In Crisis, Ambition Is More Relevant Than Ever

In Crisis Ambition is More Relevant than Ever

A question we have heard from so many senior leaders recently is, “What do we do with our ambition now that our business is in survival mode?”


How each of us answers that question, for ourselves and for our organization, will define our level of success both during this crisis and after it has passed. To win the future we want, we must start creating it now. And we can’t do that without ambition.


This idea is central to exceptional performance. Ambition keeps leaders and their people connected to their most extraordinary goals—the ones that are not incremental but game-changing. Unlikely to happen on their own, the prospect of reaching these goals can be both daunting and energizing. They are essential to how companies reach new heights.


Despite the challenges of our current moment, as leaders we all still have a vision that we want to realize. We all still have confidence in what our organization can achieve. But in a situation like this, what happens to the momentum we used to have?


Across all sectors, most of us now find ourselves focused on urgent issues—the health of our business, the stability of the economy, the need to innovate. Our reality is colored by changing customer habits, disrupted supply chains, and abundant uncertainty. In this context, the goals of yesterday can seem less relevant.

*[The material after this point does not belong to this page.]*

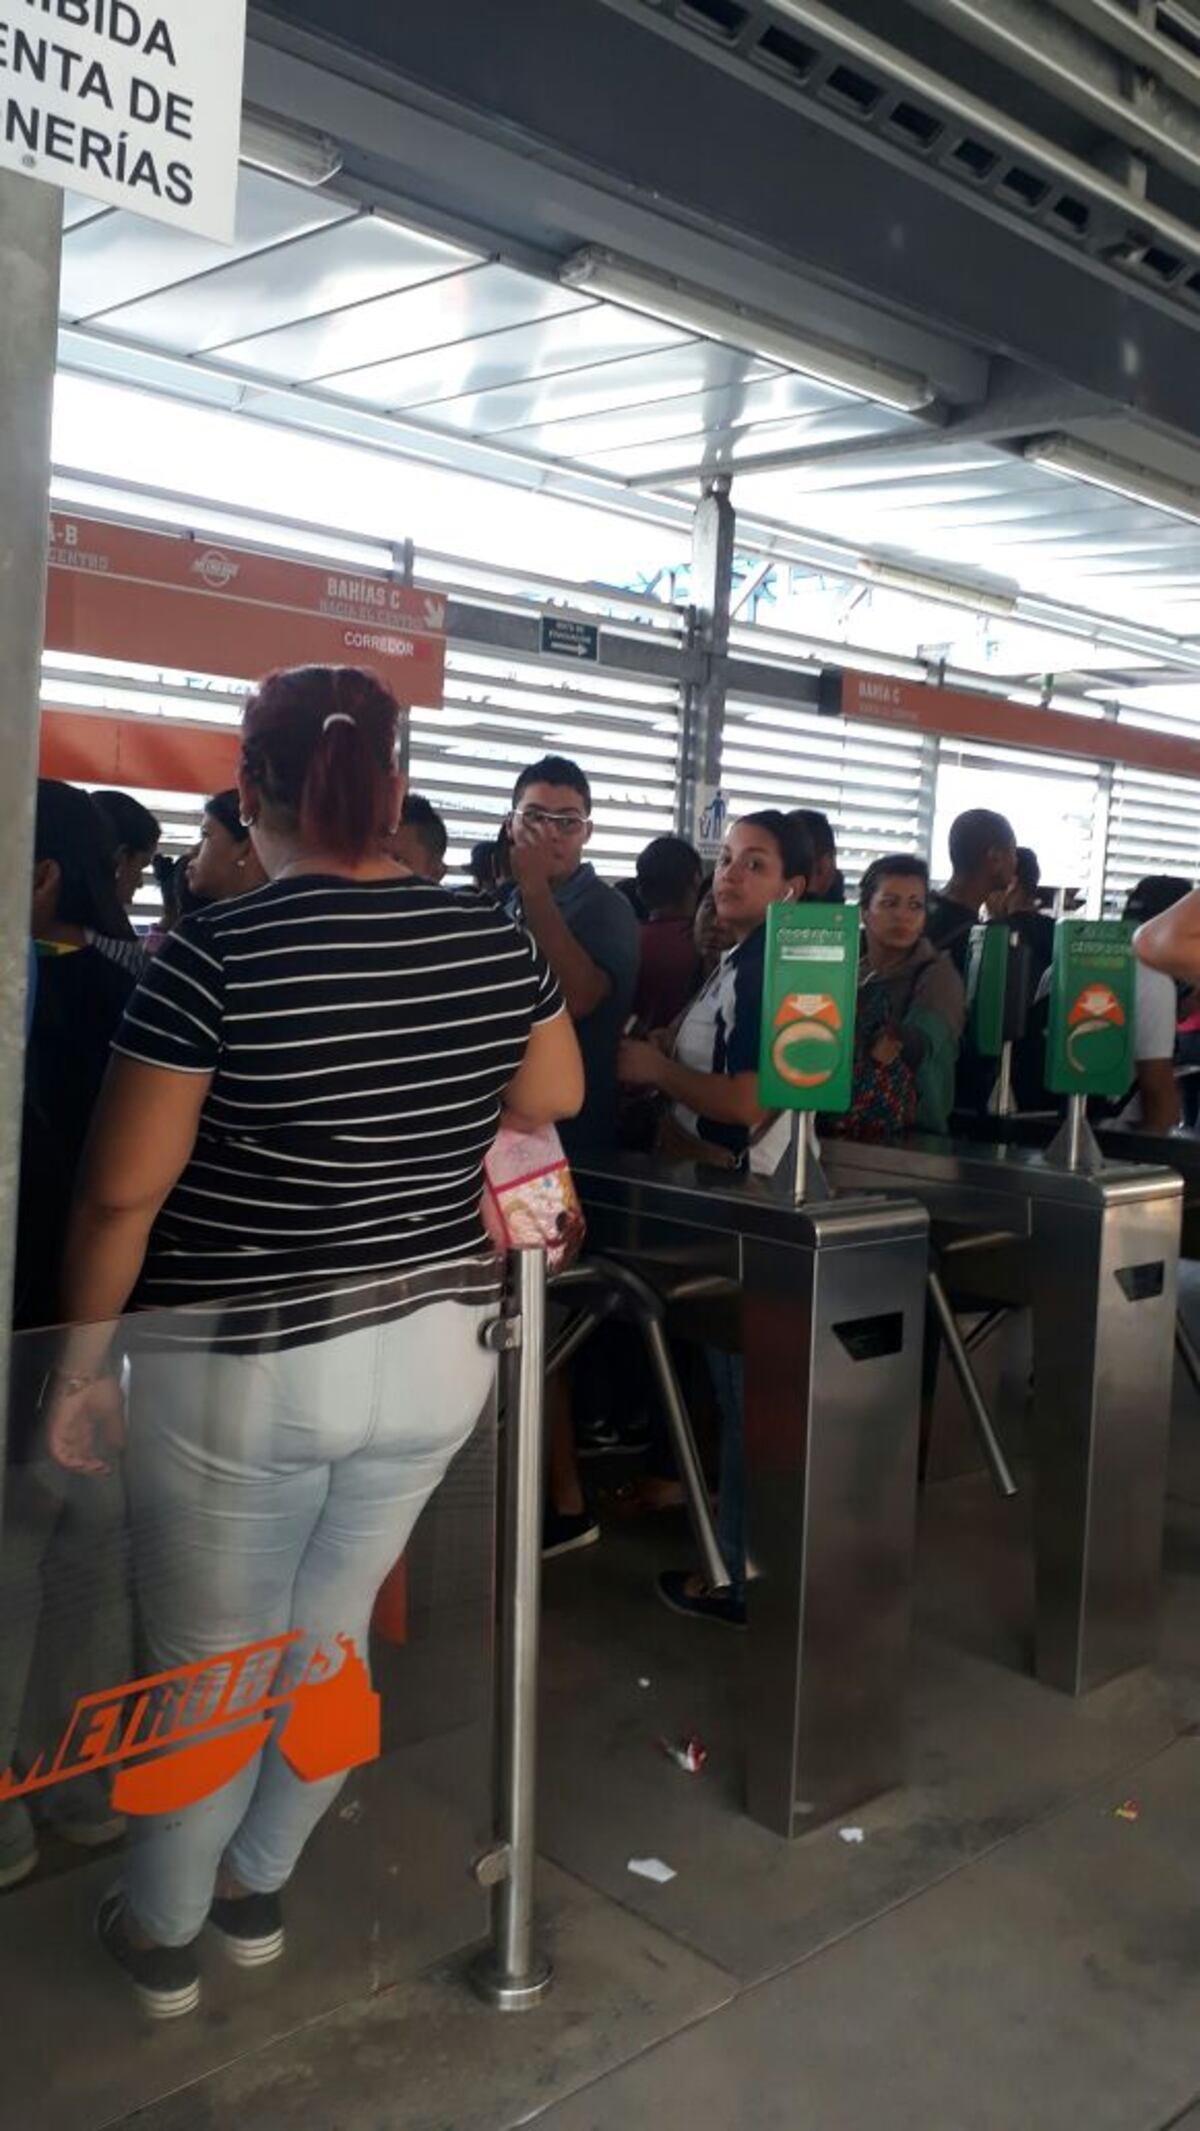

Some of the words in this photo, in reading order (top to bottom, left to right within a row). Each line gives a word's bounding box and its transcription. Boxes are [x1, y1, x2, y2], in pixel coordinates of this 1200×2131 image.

[129, 76, 194, 140] DE
[327, 577, 386, 607] BAHÍAS
[389, 589, 401, 610] C
[344, 631, 415, 657] CORREDOR

But if we don’t keep our ambition alive, it doesn’t exist. All leaders want to have a strong business when the clouds have lifted—maybe even a more prosperous one than before. Choosing that version of the future is something that any company can do by keeping their ambition close at hand.

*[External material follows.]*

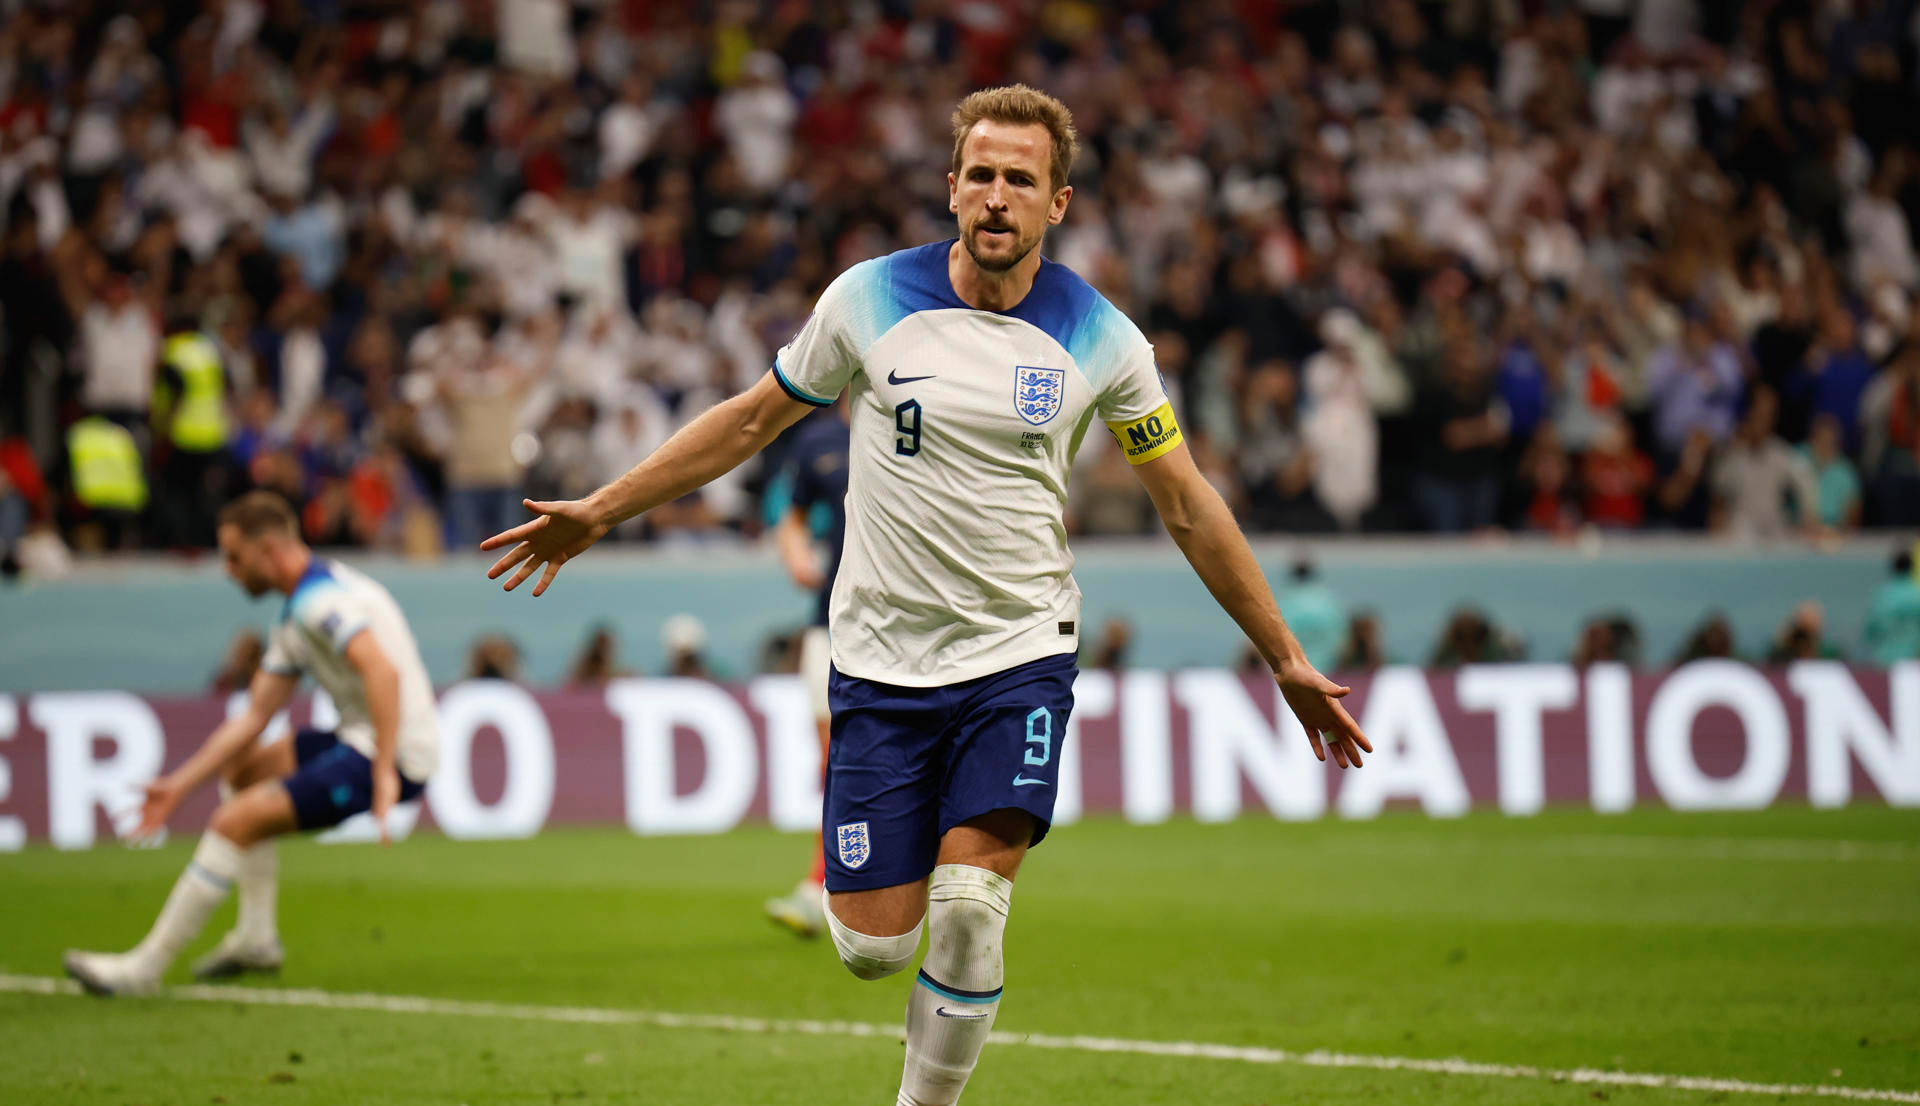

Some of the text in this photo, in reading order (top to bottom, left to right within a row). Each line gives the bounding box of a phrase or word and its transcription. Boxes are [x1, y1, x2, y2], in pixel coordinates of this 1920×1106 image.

One of our long-time clients, the Ohlthaver & List Group of Namibia, has recently taken necessary steps to sustain itself like many other organizations. But CEO Wessie van der Westhuizen sees the company’s fate as being “dependent on our ability to gear our businesses in line with our purpose,”1 “creating a future, enhancing life.”2 To stay alive, they’ve had to cut costs and adapt to new operational realities, but at the same time committed to a “desire to save as many jobs as possible.”3 In one city, multiple divisions pooled their resources to provide meals and clothing to those in need.4 Even in the face of a “grave situation,” Executive Chairman Sven Thieme refused to compromise on what the company stands for, saying, “It is our moral obligation to our people, our communities and our country to do everything possible to get through this crisis so that we collectively create the future.”5


Our constraints often appear to be a function of what is happening around us. They seem beyond doubt. In reality, how we describe our situation is what constrains us.


If we believe there was only ever one way to deliver the outcome we envisioned for our business, and if we believe that that path is now gone, we find ourselves in a cage. We put the people we lead in a cage, too.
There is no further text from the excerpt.